The bill, S-2022/A-5870, increases spending by more than 15% over last year, includes $6.9 billion for the state’s pension plan and $3.7 billion to help the state tackle its debt. It also includes $319 million for tax rebates of up to $500 for more than 760,000 New Jersey families.

“This budget represents an important statement to all New Jersey residents: we are primed and ready to rebound from the pandemic,” Senate President Steve Sweeney, D-Gloucester, said in a statement. “This spending plan makes important new investments that bring tax relief, increase affordability, reduce debt, and enhance the health and safety of residents. It is our state’s blueprint to emerge from the ravages of COVID-19 stronger than ever.”

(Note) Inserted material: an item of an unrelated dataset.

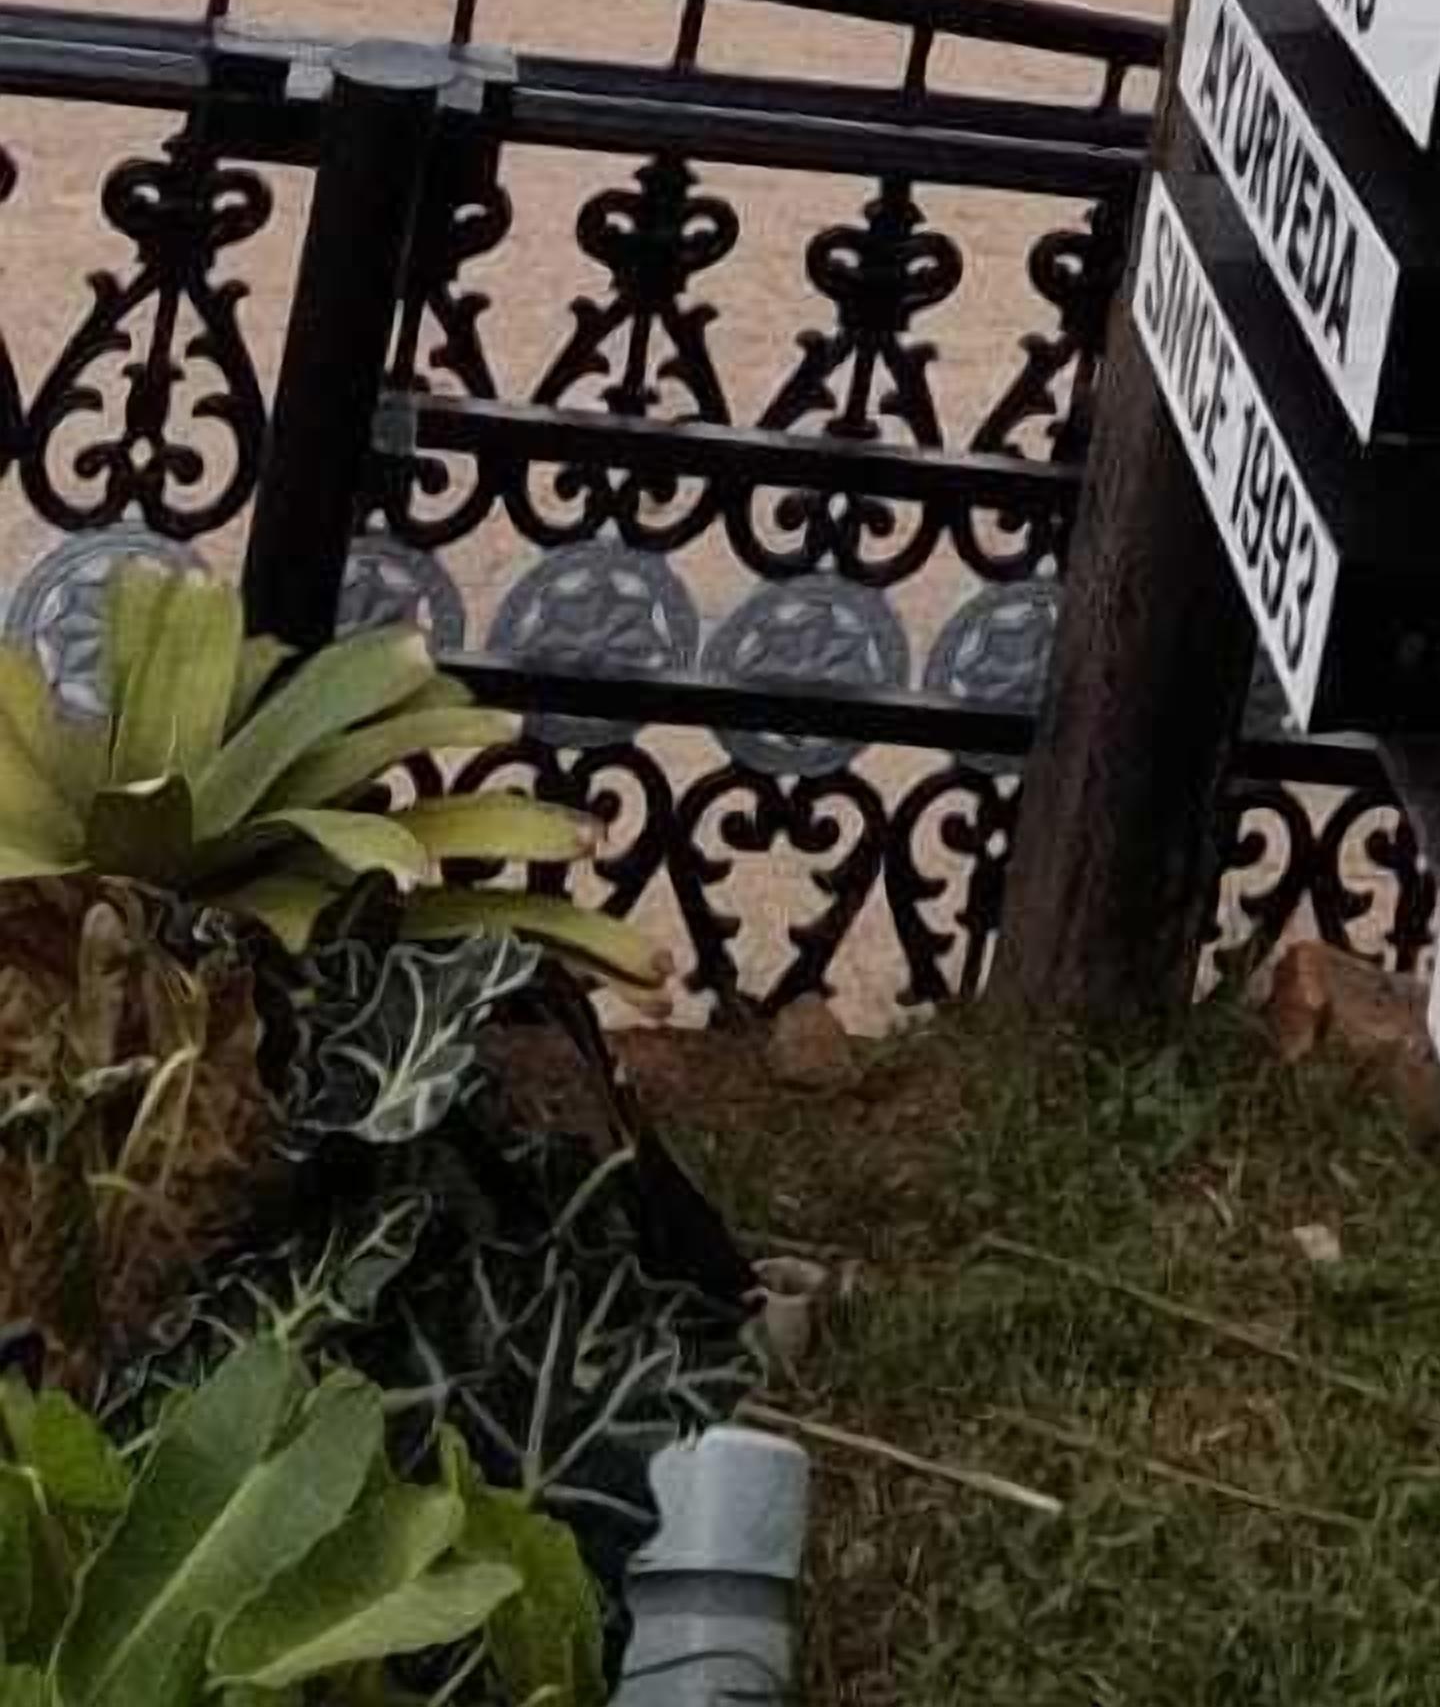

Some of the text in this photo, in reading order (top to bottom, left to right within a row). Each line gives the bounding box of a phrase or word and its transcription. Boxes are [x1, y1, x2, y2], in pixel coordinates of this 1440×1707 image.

[1197, 4, 1359, 368] AYURVEDA
[1144, 208, 1318, 671] SINCE 1993

The budget is higher than the $44.8 billion spending plan Murphy, a Democrat, proposed in February, and Democrats putting the spending plan together were emboldened by higher-than-anticipated tax revenues. The measure also gives lawmakers oversight on how the state spends roughly $6.3 billion in federal American Rescue Plan (ARP) funds.

“The plan also safeguards the long-term health of New Jersey itself, with an additional $2.5 billion payment to the underfunded pension plan, more than a billion dollars for a Rainy Day Fund, and a commitment to pay off older, more expensive debt,” Sweeney said. “… In short, this is the epitome of responsible budgeting to benefit future generations.”

However, Republicans blasted the budget process, saying it lacked transparency, and criticized the spending plan as filled with pork. Unnecessary spending projects Republicans cited include $300,000 for the Paramus Public Library, $500,000 for the Woolsey Park band shell in Hopewell Township and $24 million for the Pompidou Center art museum in Jersey City.

“With more than $46 billion to spend, we can all find some good things in the budget,” state Sen. Anthony Bucco, R-Morris, said in a statement. “The problem, however, is with what’s not in the budget.”

Bucco said the budget doesn’t include an investment to revitalize the state’s economy or “meaningful” long-term tax relief, debt repayment or investment to replace the state’s obsolete computer infrastructure, such as those in use at the Motor Vehicle Commission (MVC) and the Department of Labor and Workforce Development.

“If there ever was a time to build a foundation for future years, it is now,” Bucco added. “I am afraid we’ll be back here next year with nothing to show for the many tens of billions of dollars that are being spent.”